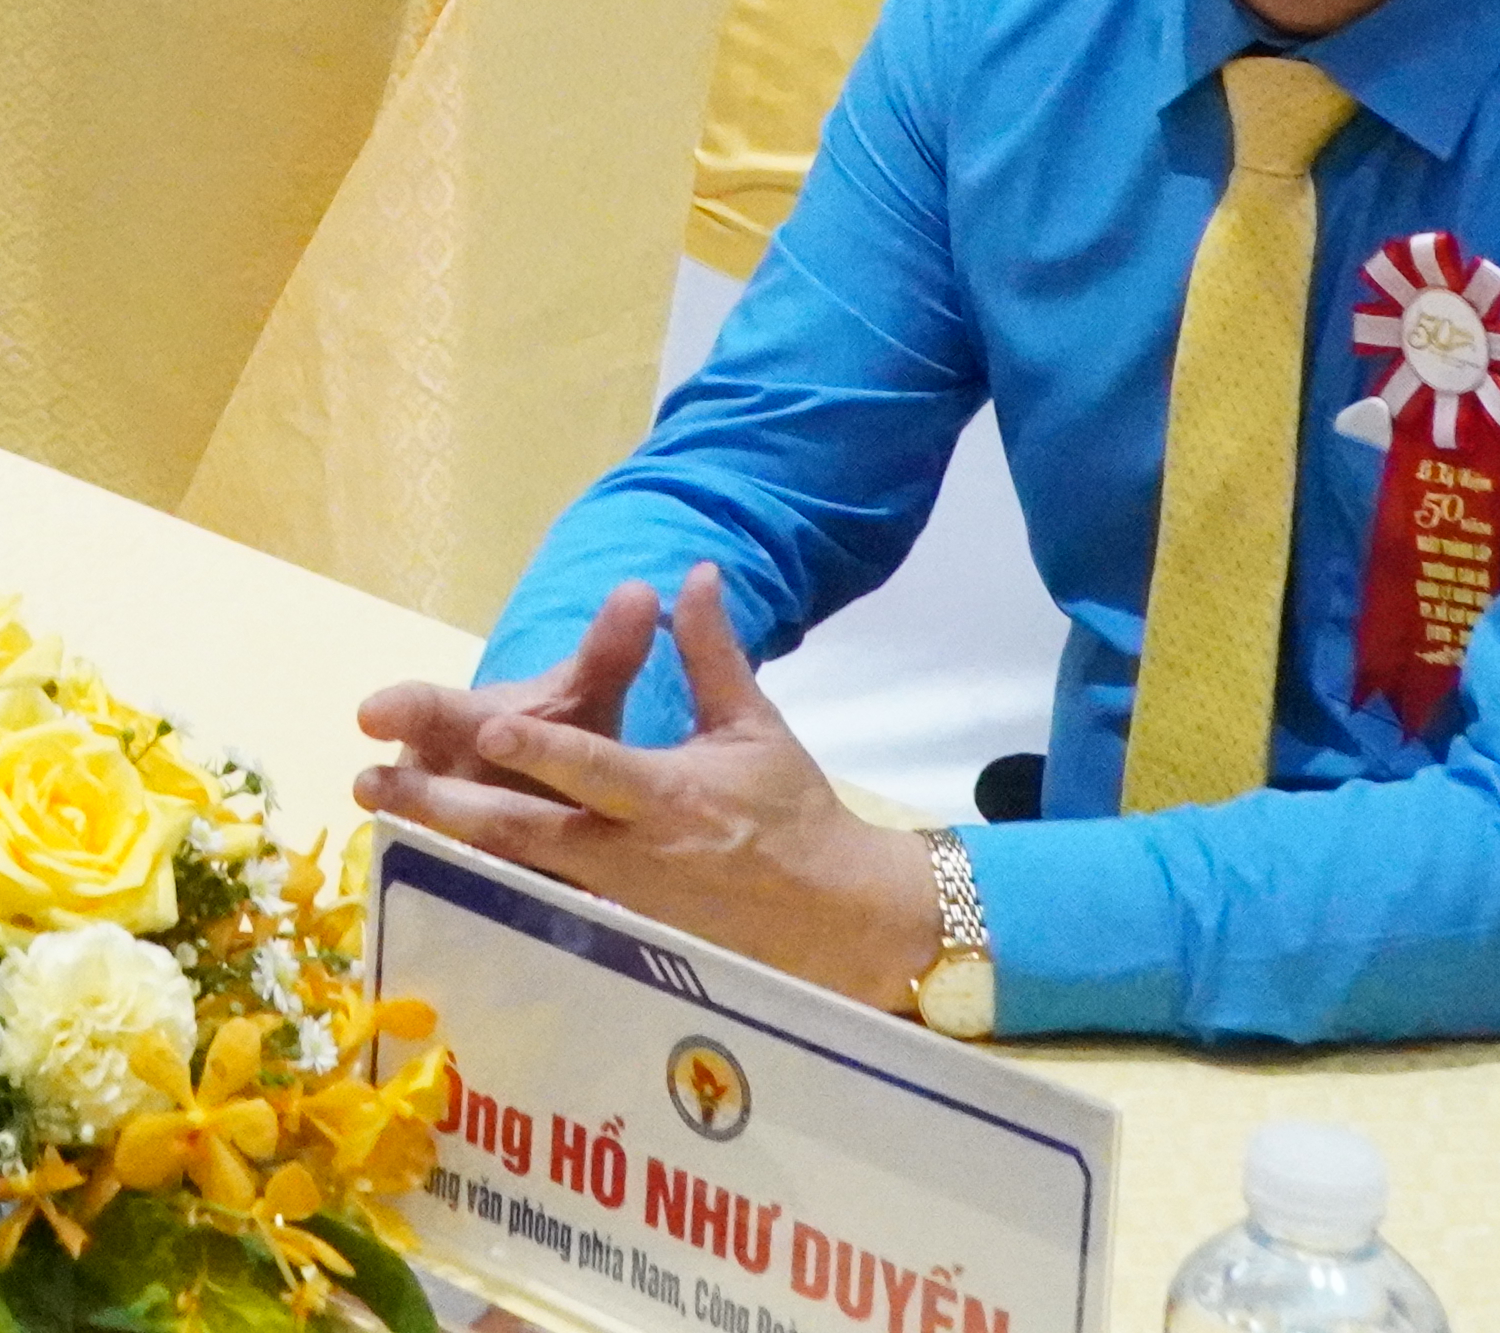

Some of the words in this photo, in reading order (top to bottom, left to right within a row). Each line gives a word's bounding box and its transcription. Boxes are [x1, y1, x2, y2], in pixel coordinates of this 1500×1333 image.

[467, 1173, 503, 1225] văn
[508, 1195, 573, 1263] phòng
[578, 1228, 625, 1284] phía
[630, 1245, 687, 1318] Nam,
[550, 1113, 628, 1210] HỒ
[644, 1156, 783, 1275] NHƯ
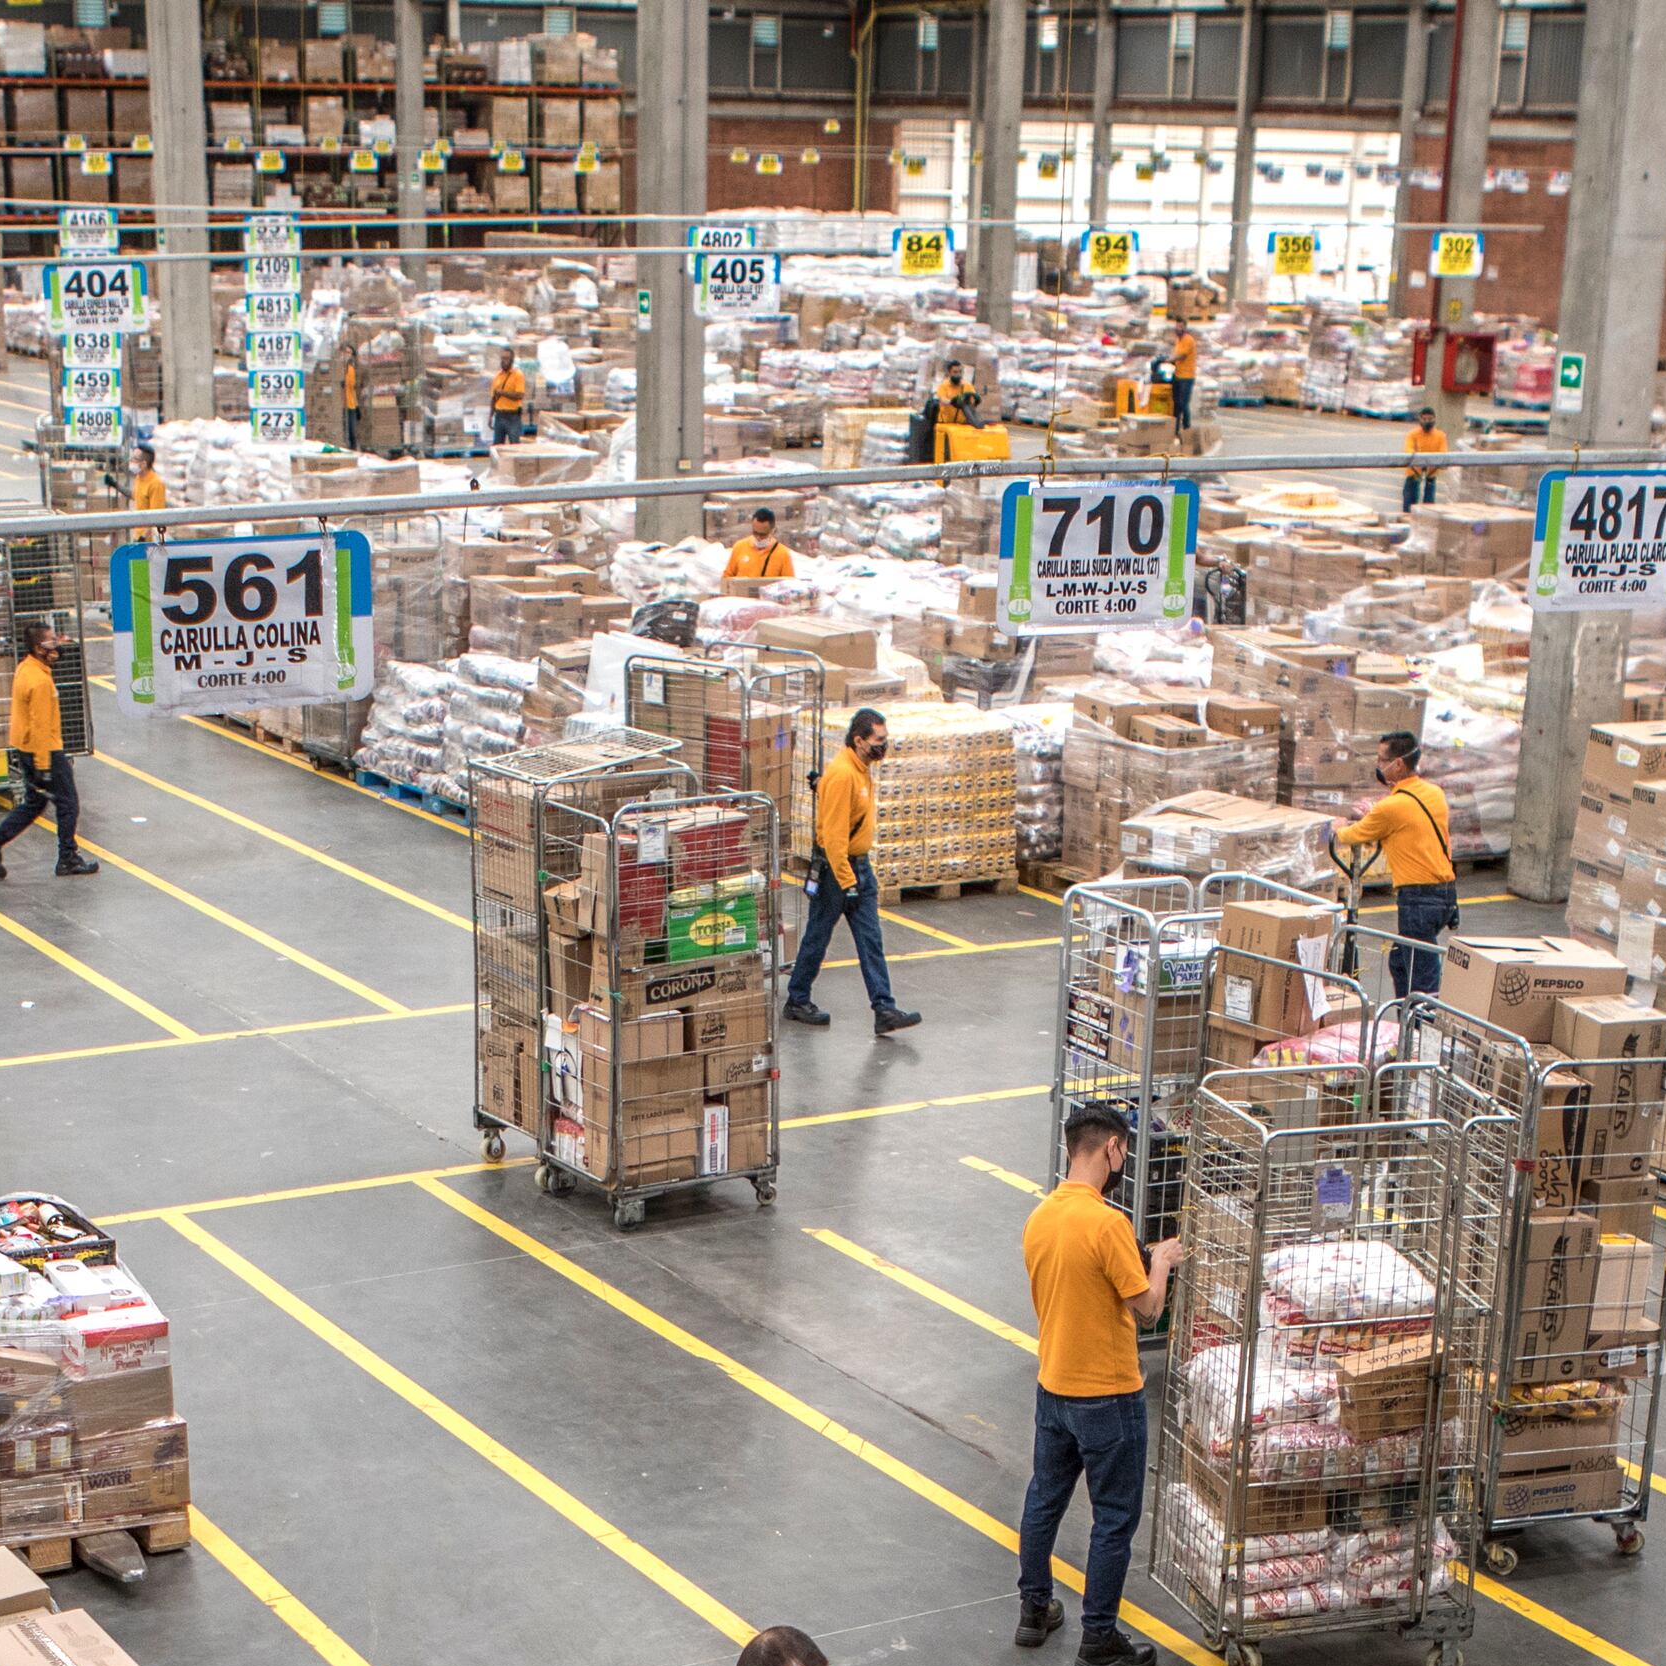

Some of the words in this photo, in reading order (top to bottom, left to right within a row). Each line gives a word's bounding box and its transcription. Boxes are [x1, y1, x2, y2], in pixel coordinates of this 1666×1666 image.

[701, 231, 743, 247] 4802
[906, 236, 942, 251] 84
[1095, 235, 1127, 253] 94
[1280, 236, 1312, 253] 356
[1444, 238, 1474, 253] 302
[255, 257, 290, 273] 4109
[711, 259, 764, 284] 405
[64, 270, 130, 298] 404
[257, 299, 292, 313] 4813
[73, 334, 110, 348] 638
[258, 336, 293, 351] 4187
[74, 373, 110, 387] 459
[260, 375, 295, 390] 530
[76, 411, 112, 426] 4808
[260, 412, 295, 427] 273
[1042, 495, 1164, 557] 710
[1565, 544, 1607, 564] CARULLA
[1609, 543, 1637, 562] PLAZA
[1037, 560, 1069, 578] CARULLA
[1071, 559, 1091, 577] BELLA
[1092, 558, 1113, 576] SUIZA
[1572, 564, 1657, 578] M-J-S
[161, 550, 324, 626] 561
[1046, 581, 1147, 597] L-M-W-J-V-S
[1578, 580, 1616, 593] CORTE
[1620, 580, 1647, 592] 4:00
[1056, 599, 1100, 615] CORTE
[1104, 598, 1137, 613] 4:00
[161, 625, 248, 654] CARULLA
[253, 621, 321, 650] COLINA
[198, 673, 247, 689] CORTE
[252, 670, 286, 685] 4:00
[650, 973, 711, 999] CORONA
[1534, 979, 1584, 989] PEPSICO
[88, 1472, 133, 1490] WATER
[1533, 1484, 1577, 1497] PEPSICO
....
To do
With the pictures removed, repeat the listing above exactly as it stands.

Result of the exercise
Some of the words in this photo, in reading order (top to bottom, left to right within a row). Each line gives a word's bounding box and its transcription. Boxes are [x1, y1, x2, y2], in pixel coordinates of this 1500×1333 image.

[467, 1173, 503, 1225] văn
[508, 1195, 573, 1263] phòng
[578, 1228, 625, 1284] phía
[630, 1245, 687, 1318] Nam,
[550, 1113, 628, 1210] HỒ
[644, 1156, 783, 1275] NHƯ

Some of the words in this photo, in reading order (top to bottom, left to right within a row). Each line gives a word's bounding box and its transcription. Boxes are [x1, y1, x2, y2], in pixel coordinates of this 1666×1666 image.

[701, 231, 743, 247] 4802
[906, 236, 942, 251] 84
[1095, 235, 1127, 253] 94
[1280, 236, 1312, 253] 356
[1444, 238, 1474, 253] 302
[255, 257, 290, 273] 4109
[711, 259, 764, 284] 405
[64, 270, 130, 298] 404
[257, 299, 292, 313] 4813
[73, 334, 110, 348] 638
[258, 336, 293, 351] 4187
[74, 373, 110, 387] 459
[260, 375, 295, 390] 530
[76, 411, 112, 426] 4808
[260, 412, 295, 427] 273
[1042, 495, 1164, 557] 710
[1565, 544, 1607, 564] CARULLA
[1609, 543, 1637, 562] PLAZA
[1037, 560, 1069, 578] CARULLA
[1071, 559, 1091, 577] BELLA
[1092, 558, 1113, 576] SUIZA
[1572, 564, 1657, 578] M-J-S
[161, 550, 324, 626] 561
[1046, 581, 1147, 597] L-M-W-J-V-S
[1578, 580, 1616, 593] CORTE
[1620, 580, 1647, 592] 4:00
[1056, 599, 1100, 615] CORTE
[1104, 598, 1137, 613] 4:00
[161, 625, 248, 654] CARULLA
[253, 621, 321, 650] COLINA
[198, 673, 247, 689] CORTE
[252, 670, 286, 685] 4:00
[650, 973, 711, 999] CORONA
[1534, 979, 1584, 989] PEPSICO
[88, 1472, 133, 1490] WATER
[1533, 1484, 1577, 1497] PEPSICO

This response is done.